Prajna mengusap alisnya, berusaha menjelaskan secara baik-baik kepada Nick. “Faktanya begitu, Nick Oliver. Ditemukan kopi dan botol-botol alkohol dikamarnya. Menurut resepsionis yang bekerja disini, setiap harinya pak Burhan ini juga selalu memesan makanan dengan porsi yang gak beraturan. Dia sudah meninggal dari kemarin siang. Itulah faktanya, Nick.”
Nick mengela napas panjangnya, gesturnya menunjukan kalau dia tidak setuju dengan ungkapan Prajna mengenai kematian pak Burhan. “Apakah jasad pak Burhan masih ada dikamarnya?”
“Masih, gua yang minta agar TKP jangan di apa-apain sampe kita datang. Meskipun begitu, pihak hotel bersikeras untuk segera membereskan kamar pak Burhan. Mereka yakin kalau ini adalah serangan jantung biasa dan gak ada yang aneh-aneh. Ada kemungkinan juga dia keracunan, tapi itu harus nunggu diotopsi dan ada persetujuan keluarganya.”
“Oke, kita sekarang kesana ya,” ucap Nick sambil berjalan ke lift. “Waktu kita kayanya gak banyak untuk meneliti ruangan itu sekilas. Jangan terlalu cepat menarik kesimpulan. Kasus ini sudah hampir gua pecahkan, tapi pasti ada sesuatu yang salah disini.”
Prajna terlihat agak jengkel dengan ucapan Nick barusan. Kami berjalan mengikuti Nick dan dalam waktu singkat, kami sudah sampai dikamar yang ditinggali pak Burhan. Nick dan Prajna langsung masuk kesana, aku mengikuti mereka dibelakangnya.

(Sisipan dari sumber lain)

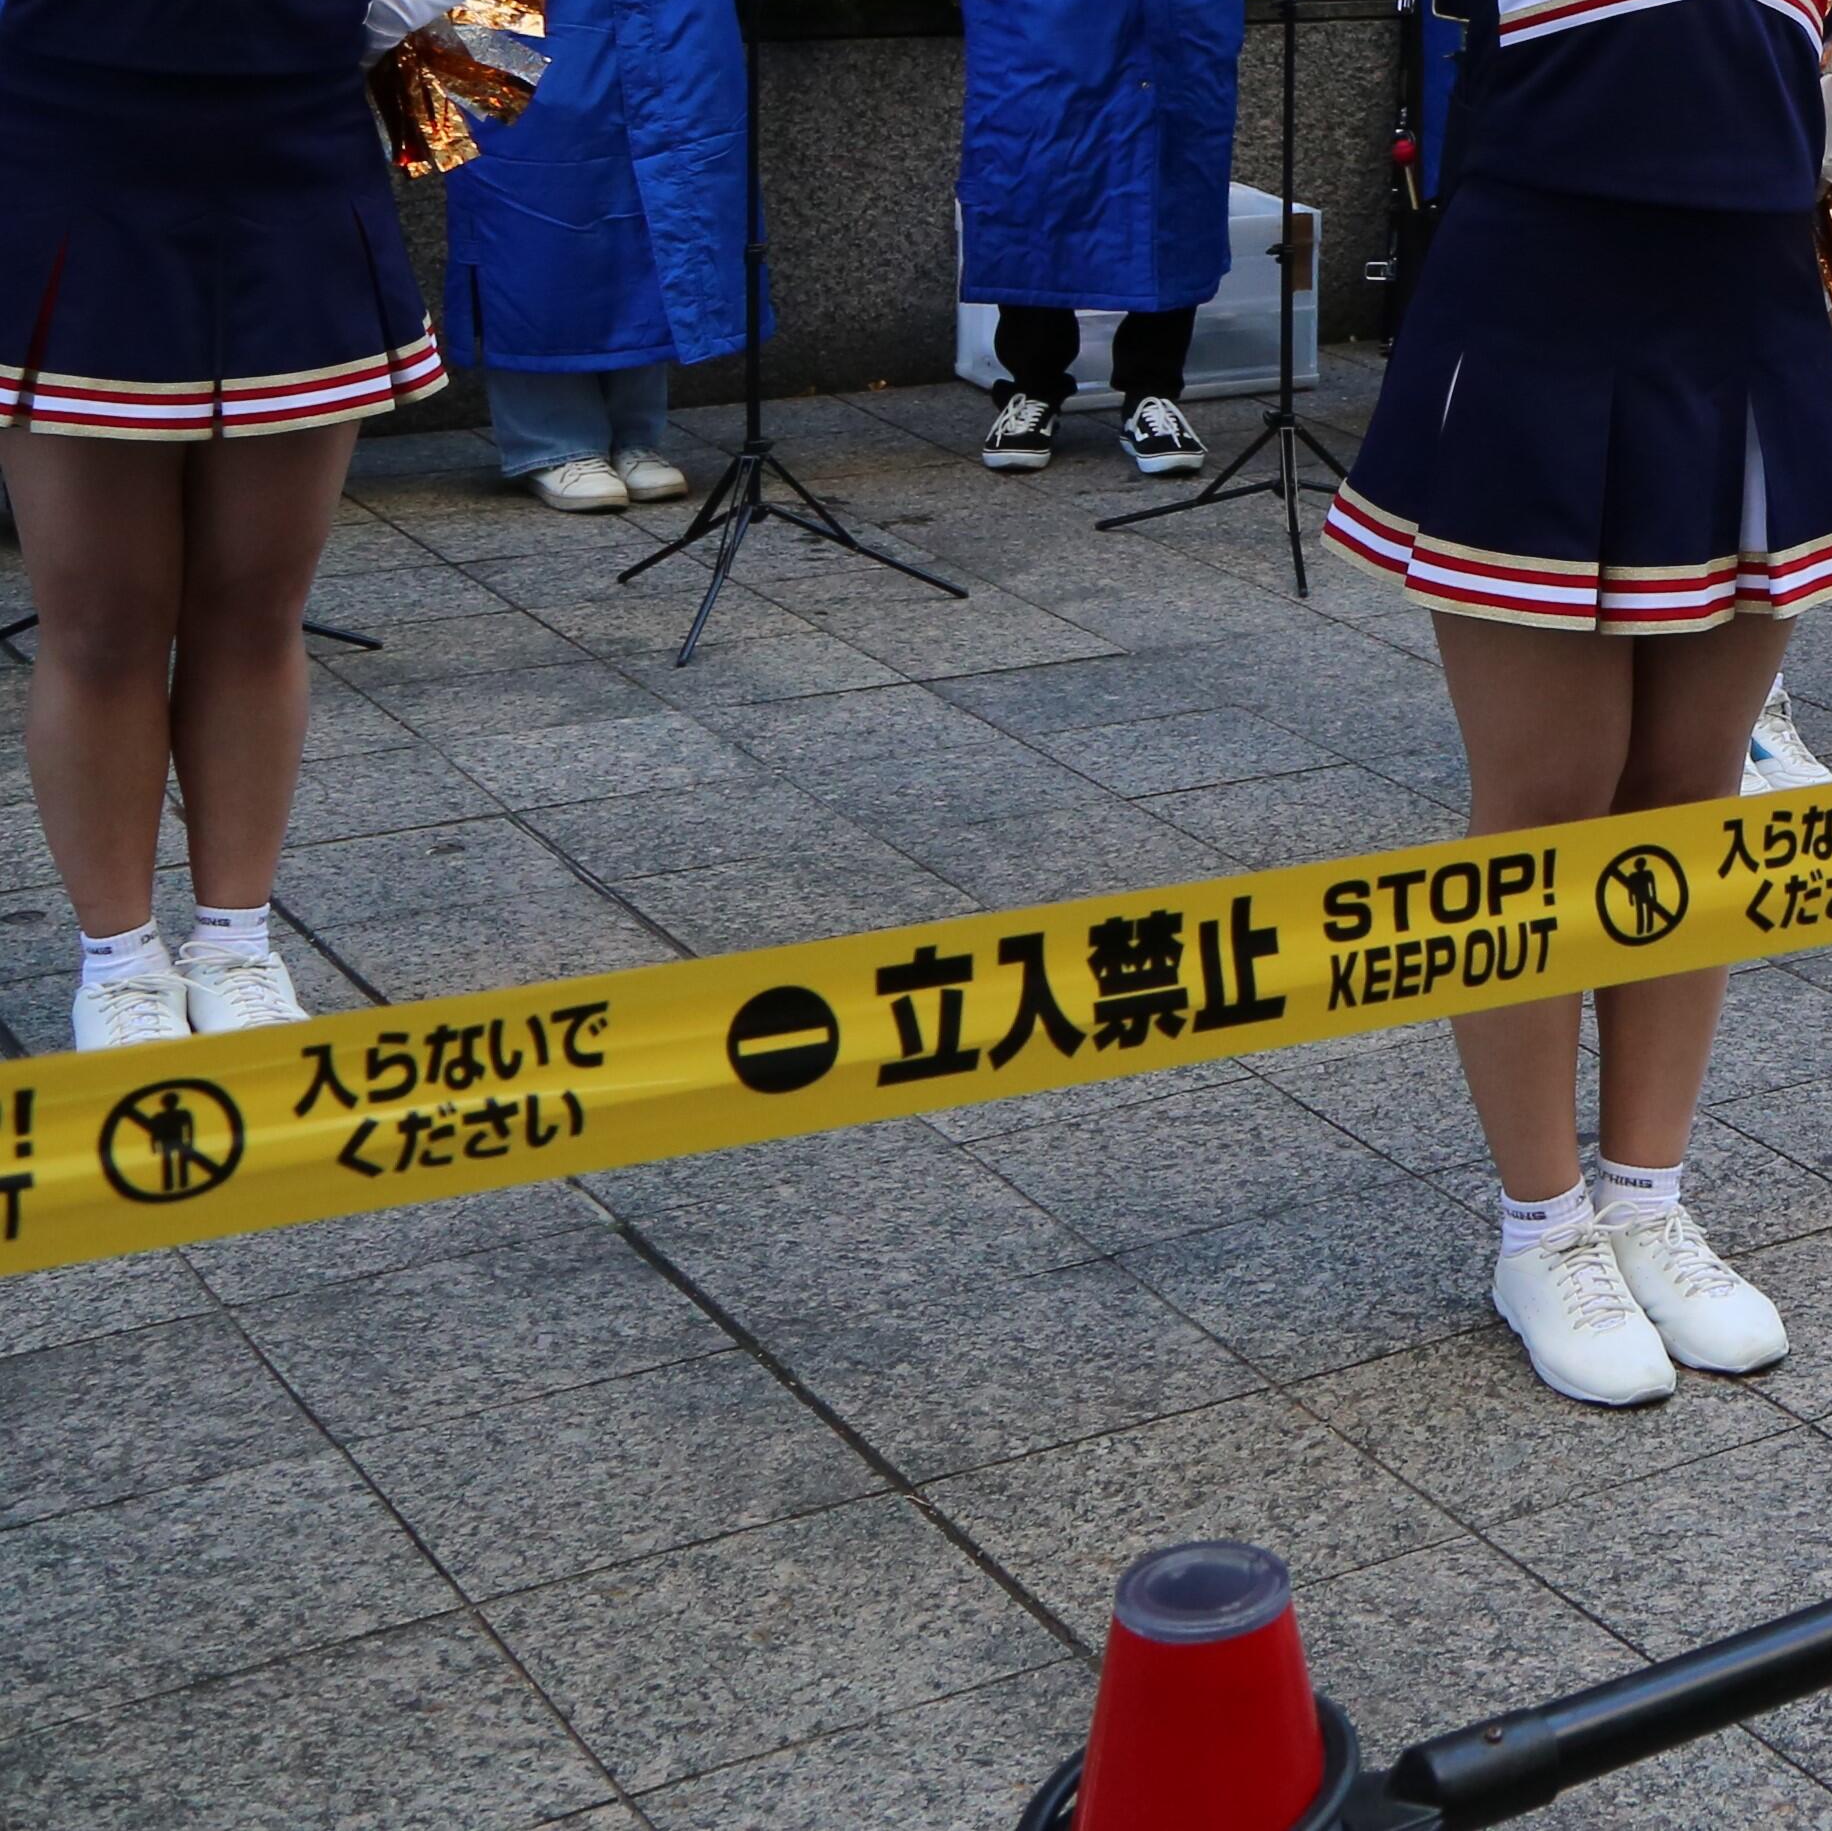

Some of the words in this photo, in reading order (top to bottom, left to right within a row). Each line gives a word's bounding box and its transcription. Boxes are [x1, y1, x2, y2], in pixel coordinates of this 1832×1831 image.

Kamar itu adalah kamar presidential suit dengan luas sekitar 145 meter persegi yang terdapat di lantai enam. Didalamnya terdapat ruang keluarga dan kamar tidur yang sangat besar. Interior kamar ini seluruhnya berwarna coklat variasi dengan nuansa american classic. Didepan pintu, terdapat meja makan besar yang bisa menampung delapan orang dan dibekangnya terdapat sofa keluarga yang menghadap ke sebuah televisi 55 inci. Seluruh lantainya dilapisi oleh karpet dan masih lumayan bersih meskipun belum sempat dibersihkan hari ini. Kamar tidurnya terletak disebelah kiri kami setelah masuk dari pintu kamar ini.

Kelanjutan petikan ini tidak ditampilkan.